### Material to process
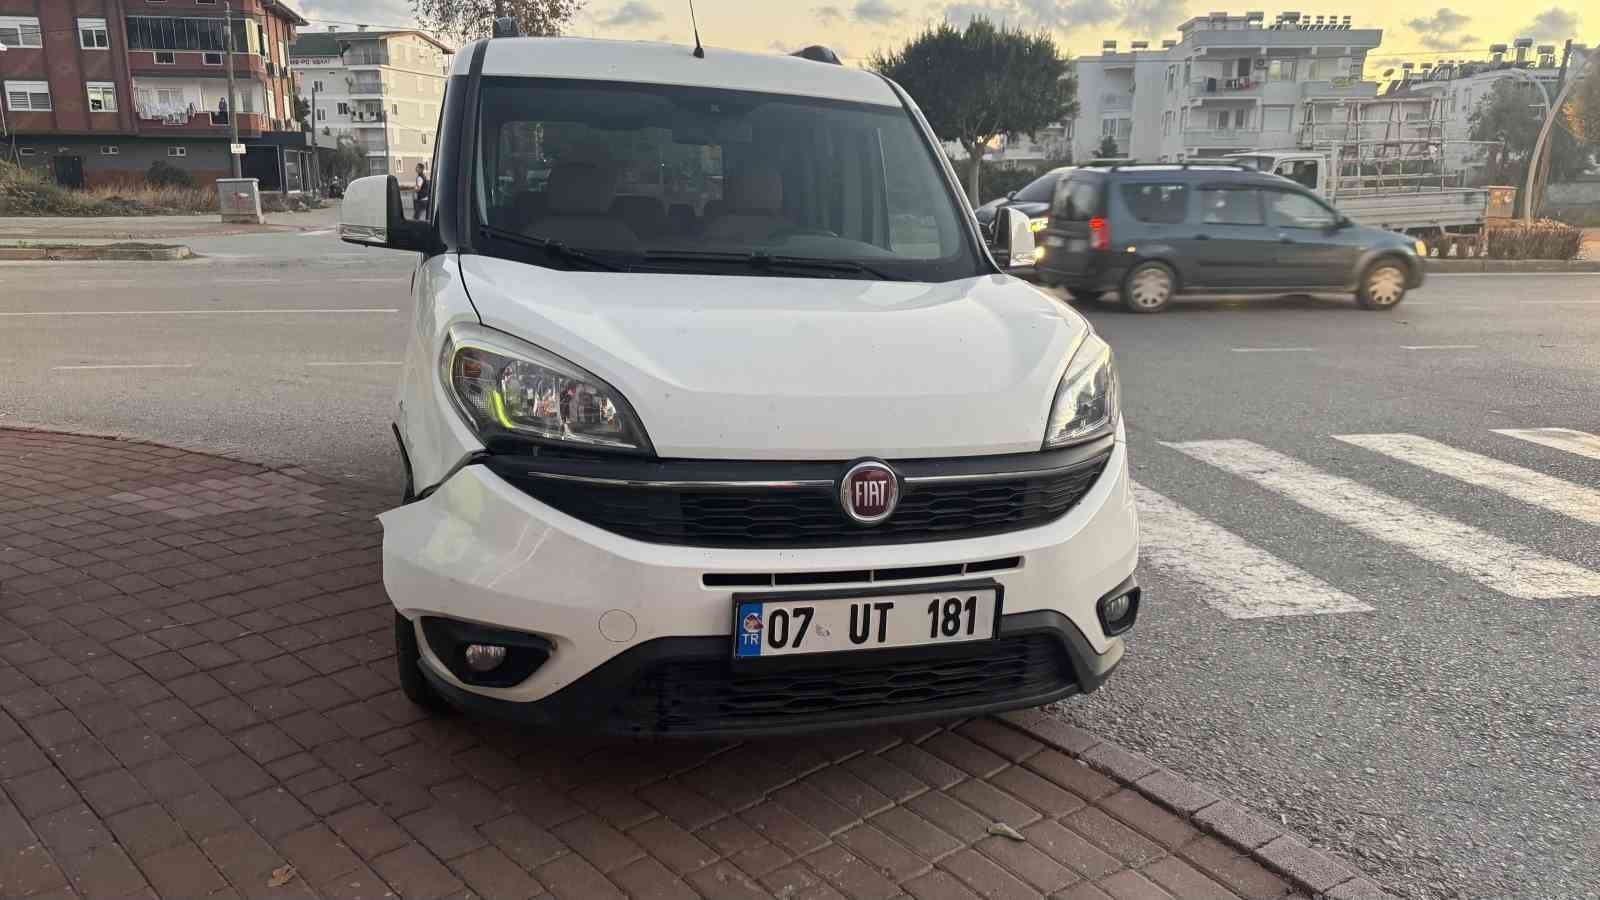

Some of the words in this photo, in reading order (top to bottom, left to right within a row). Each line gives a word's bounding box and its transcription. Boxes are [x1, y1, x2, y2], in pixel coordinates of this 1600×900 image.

[855, 480, 887, 507] FIAT
[768, 607, 815, 649] 07
[849, 602, 894, 645] UT
[928, 596, 977, 639] 181
[741, 633, 759, 645] TR

### Exercise requirements
Please reprint the whole listing exactly and omit its pictures.

### Response area
Some of the words in this photo, in reading order (top to bottom, left to right within a row). Each line gives a word's bounding box and its transcription. Boxes are [x1, y1, x2, y2], in pixel coordinates of this 1600×900 image.

[855, 480, 887, 507] FIAT
[768, 607, 815, 649] 07
[849, 602, 894, 645] UT
[928, 596, 977, 639] 181
[741, 633, 759, 645] TR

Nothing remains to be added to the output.